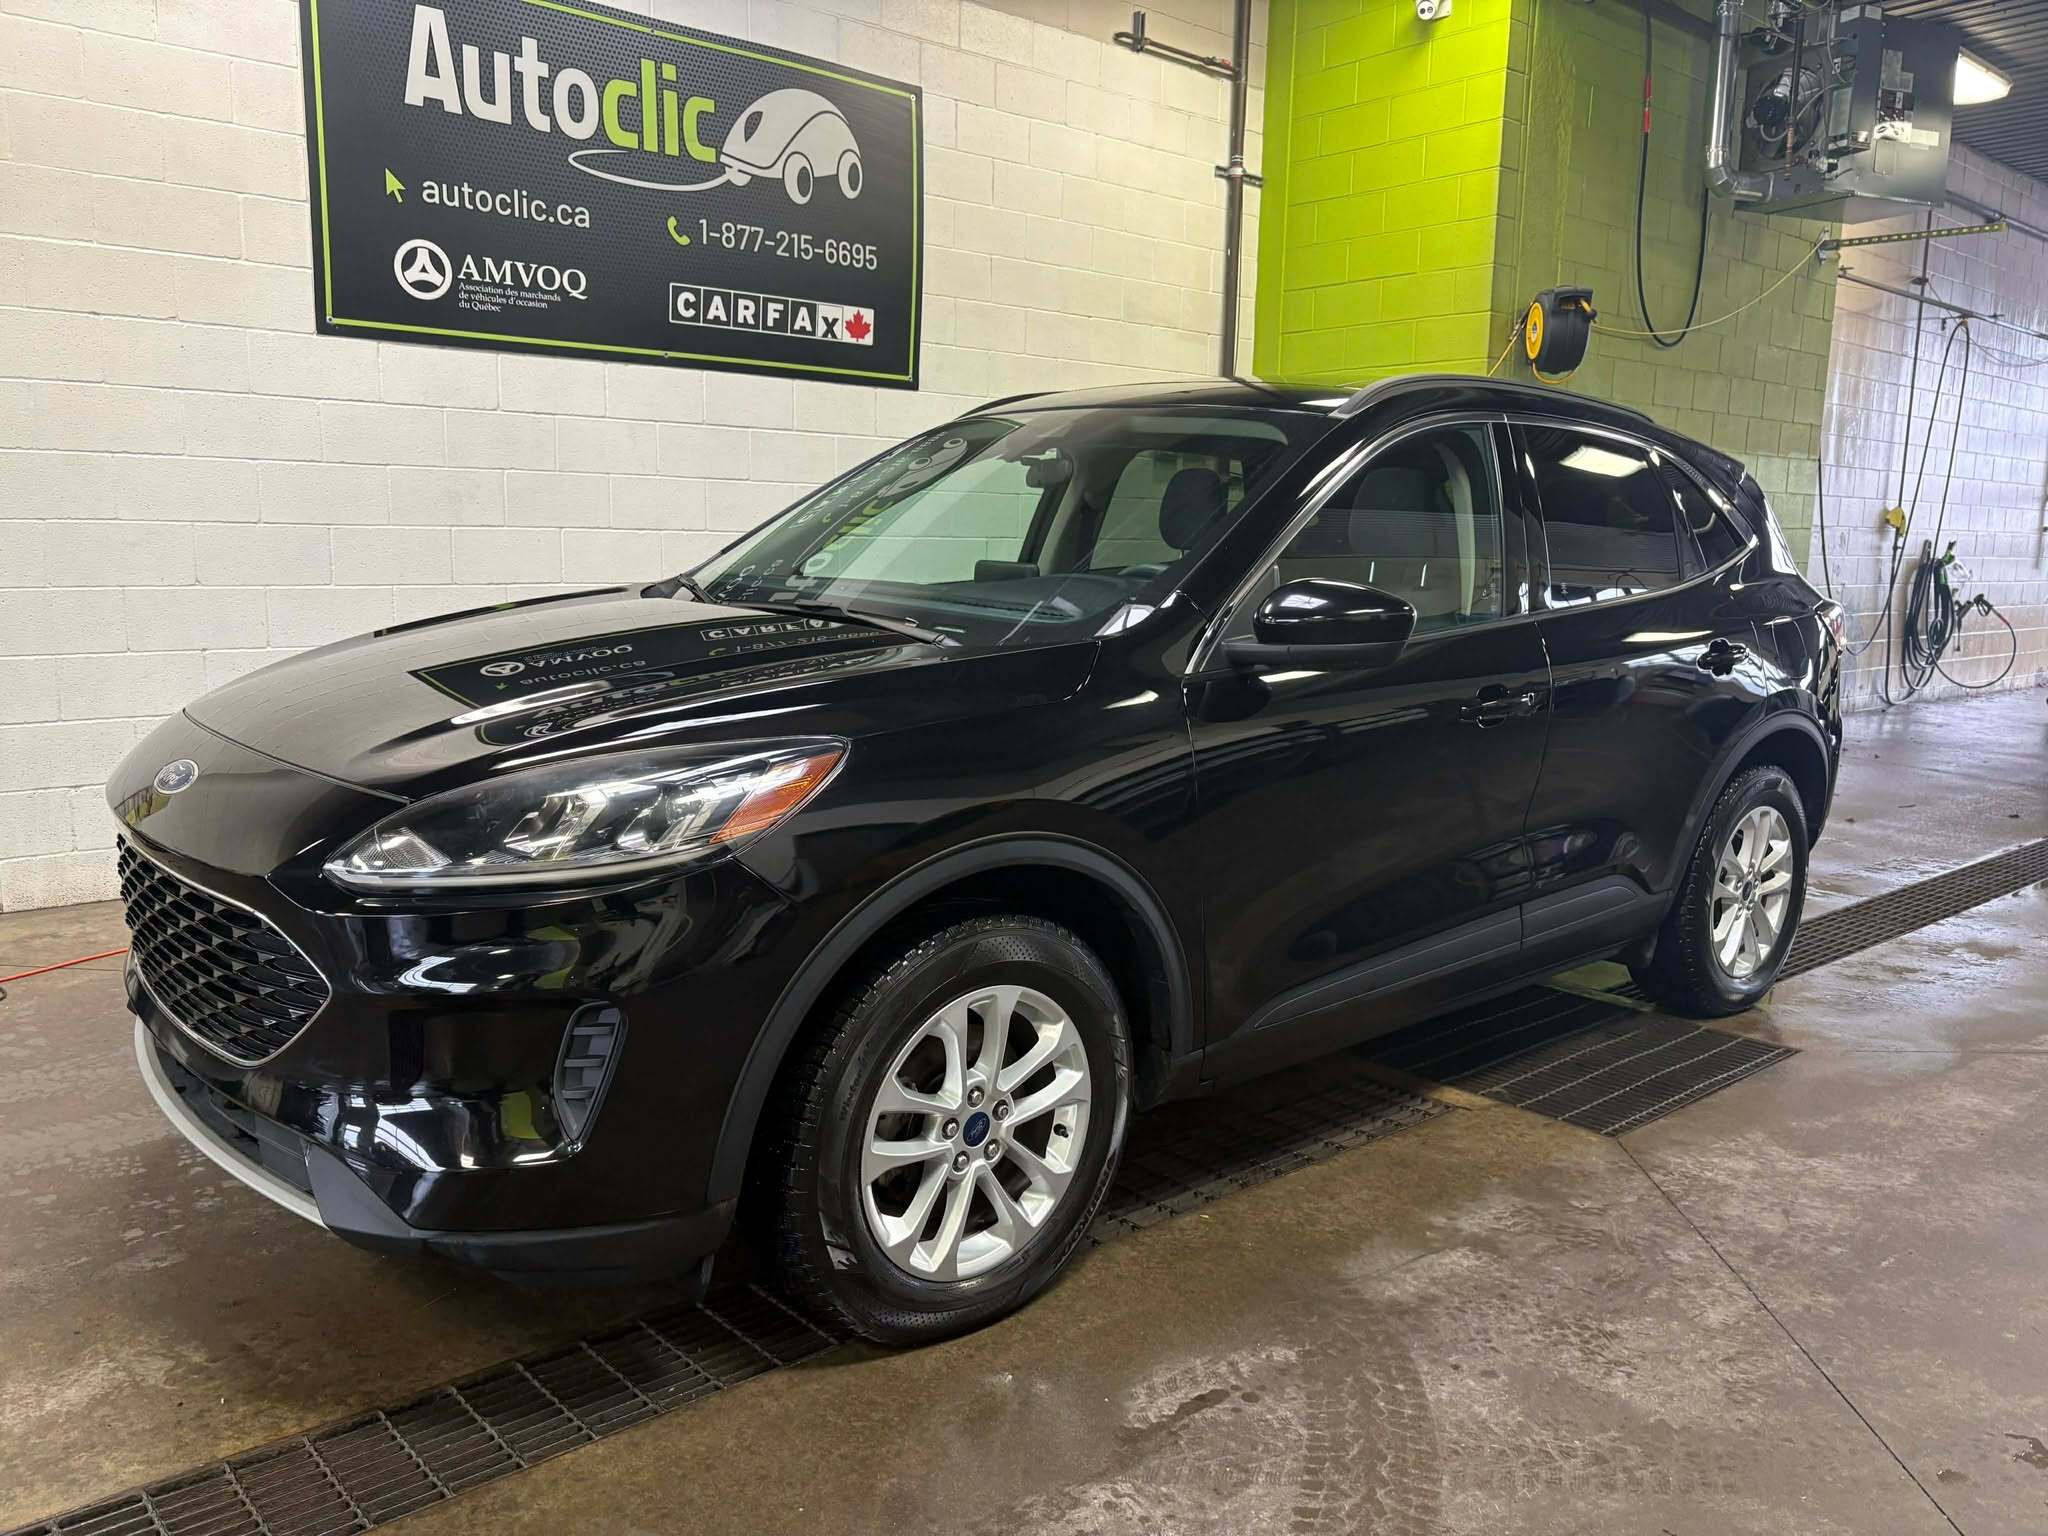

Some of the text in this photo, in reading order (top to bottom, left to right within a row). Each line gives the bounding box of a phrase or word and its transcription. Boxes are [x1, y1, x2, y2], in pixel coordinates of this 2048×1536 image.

[404, 3, 717, 163] Autoclic
[422, 180, 590, 228] autoclic.ca
[699, 218, 878, 271] 1-877-215-6695
[457, 254, 588, 300] AMVOQ
[459, 282, 561, 302] Association des marchands
[459, 291, 548, 309] de véhicules d'occasion
[459, 300, 501, 313] du Québec
[676, 291, 840, 340] CARFAX
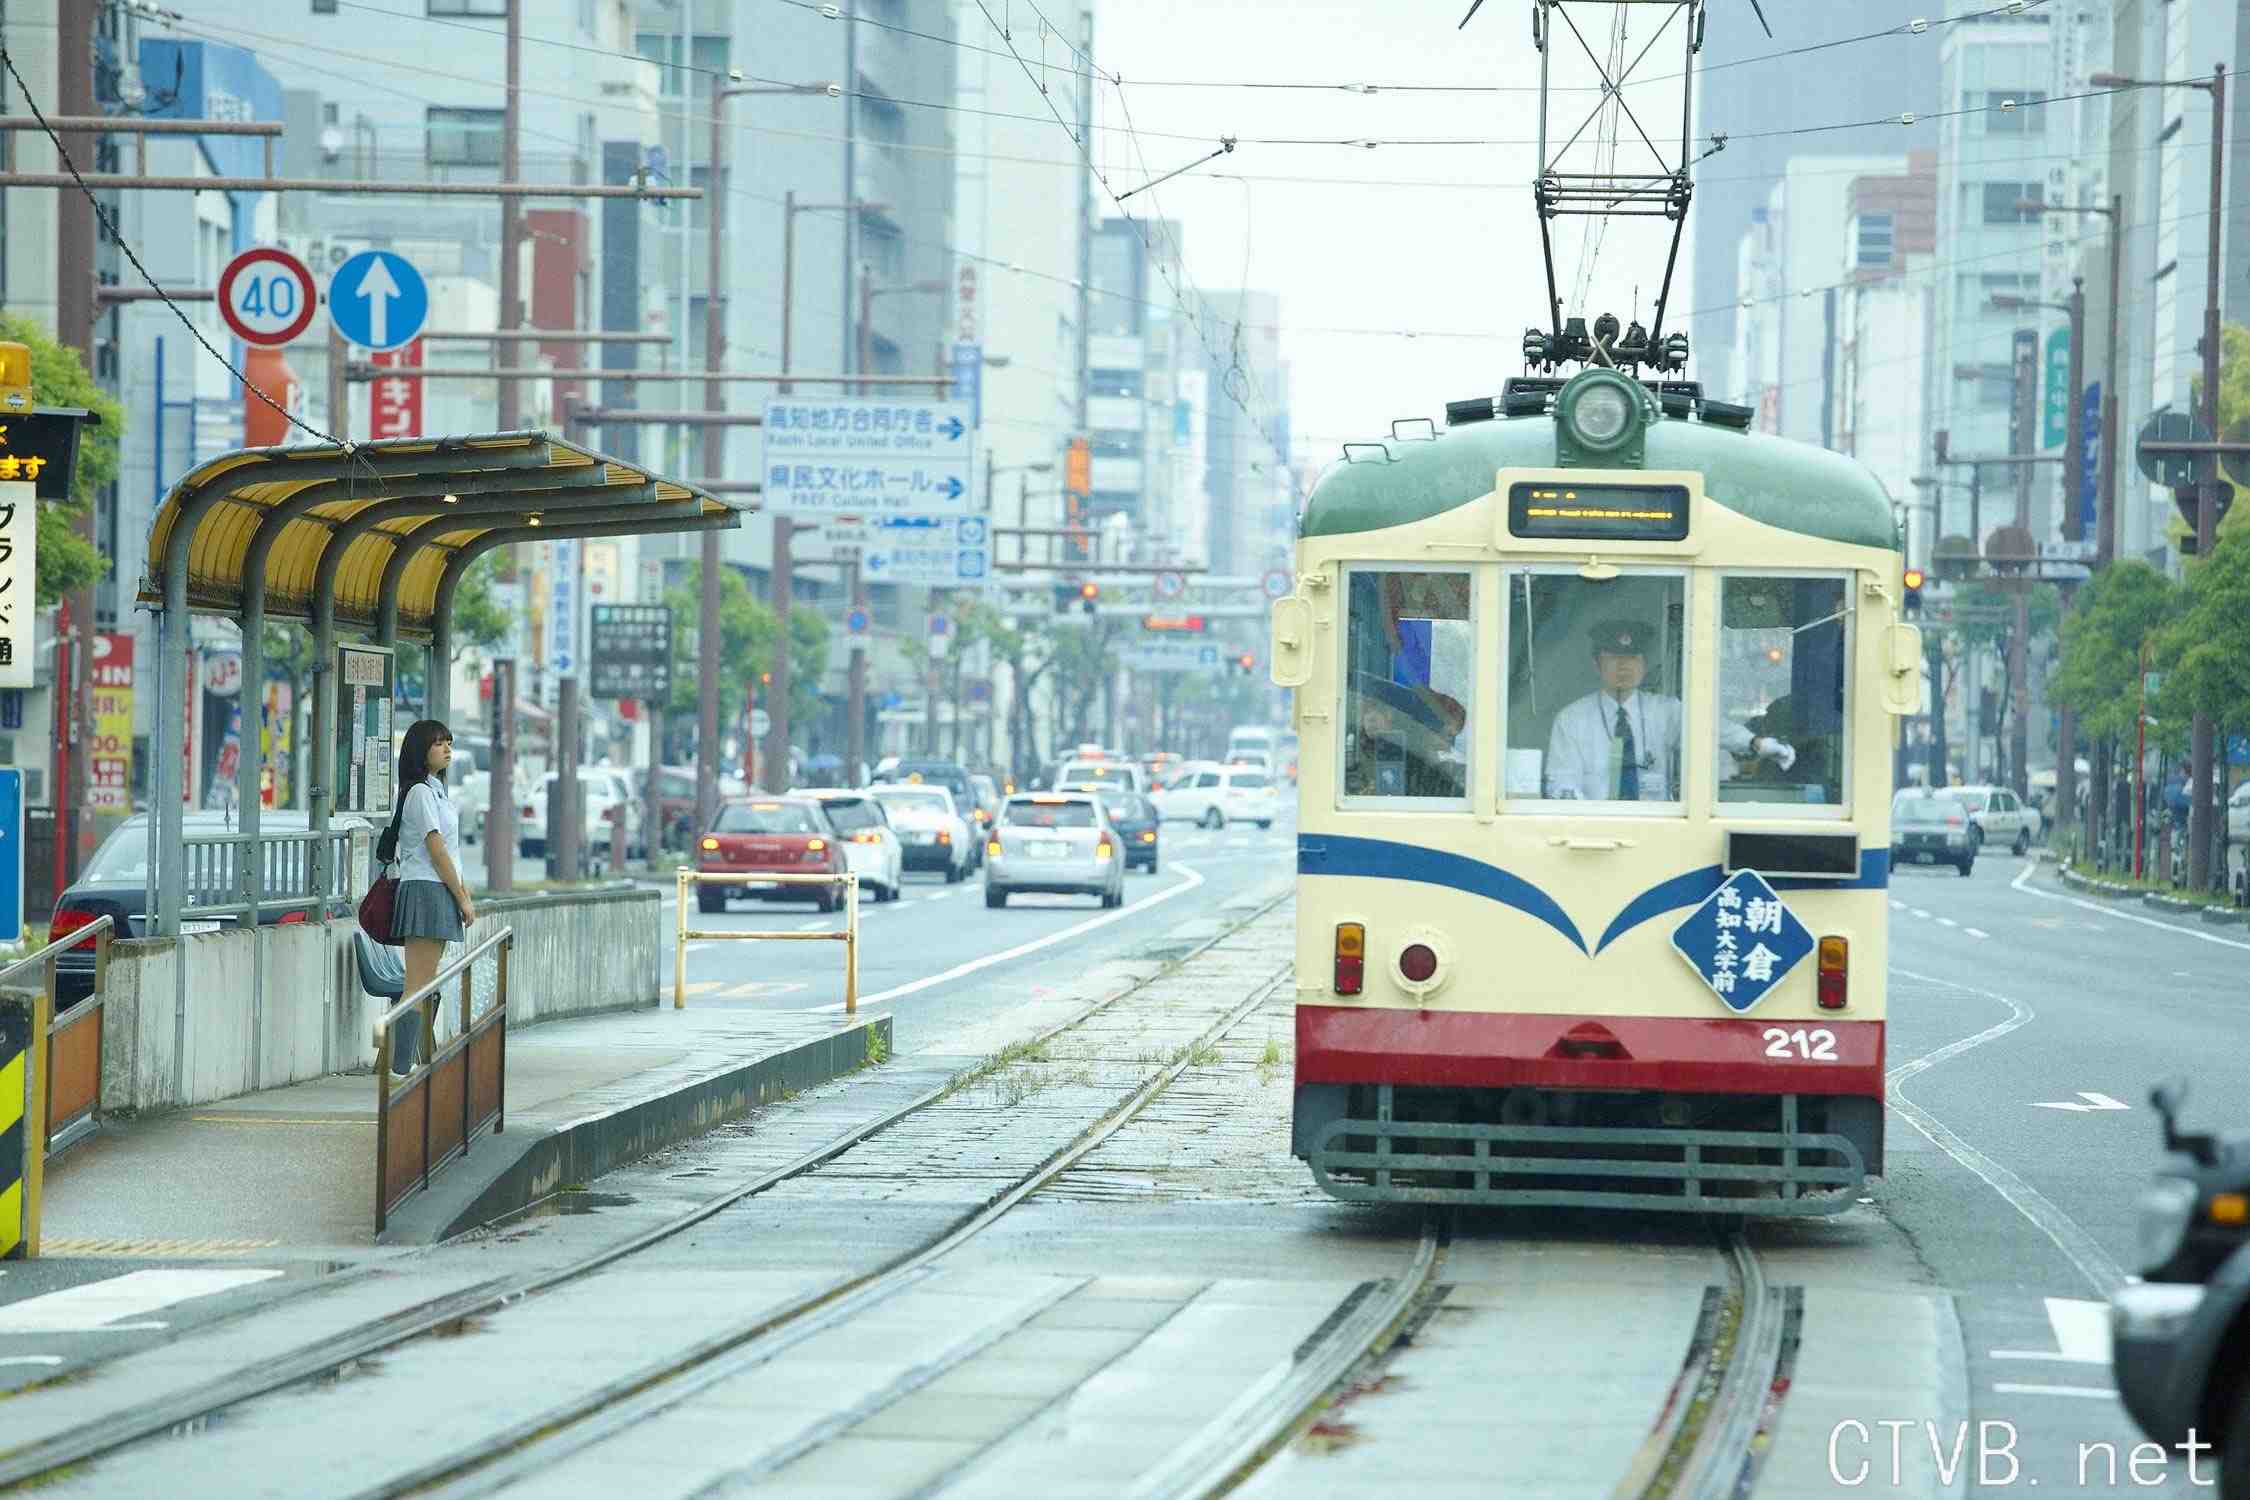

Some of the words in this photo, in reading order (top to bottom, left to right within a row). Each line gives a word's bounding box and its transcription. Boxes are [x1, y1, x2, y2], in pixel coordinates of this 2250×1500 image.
_ _ _ _ _ _ _
* **WHAT NEEDS TO BE DONE**: Transcribe the whole listing above exactly and leave out the pictures.

* **EXERCISE RESULT**:
Some of the text in this photo, in reading order (top to bottom, left to right within a row). Each line gives the bounding box of a phrase or word and its transcription. Boxes are [x1, y1, x2, y2], in pixel coordinates of this 2048×1536 image.

[404, 3, 717, 163] Autoclic
[422, 180, 590, 228] autoclic.ca
[699, 218, 878, 271] 1-877-215-6695
[457, 254, 588, 300] AMVOQ
[459, 282, 561, 302] Association des marchands
[459, 291, 548, 309] de véhicules d'occasion
[459, 300, 501, 313] du Québec
[676, 291, 840, 340] CARFAX

Some of the words in this photo, in reading order (top to bottom, left to right within a row). Each line gives a word's bounding box and its transcription. Boxes are [x1, y1, x2, y2], in pixel coordinates of this 2250×1500 image.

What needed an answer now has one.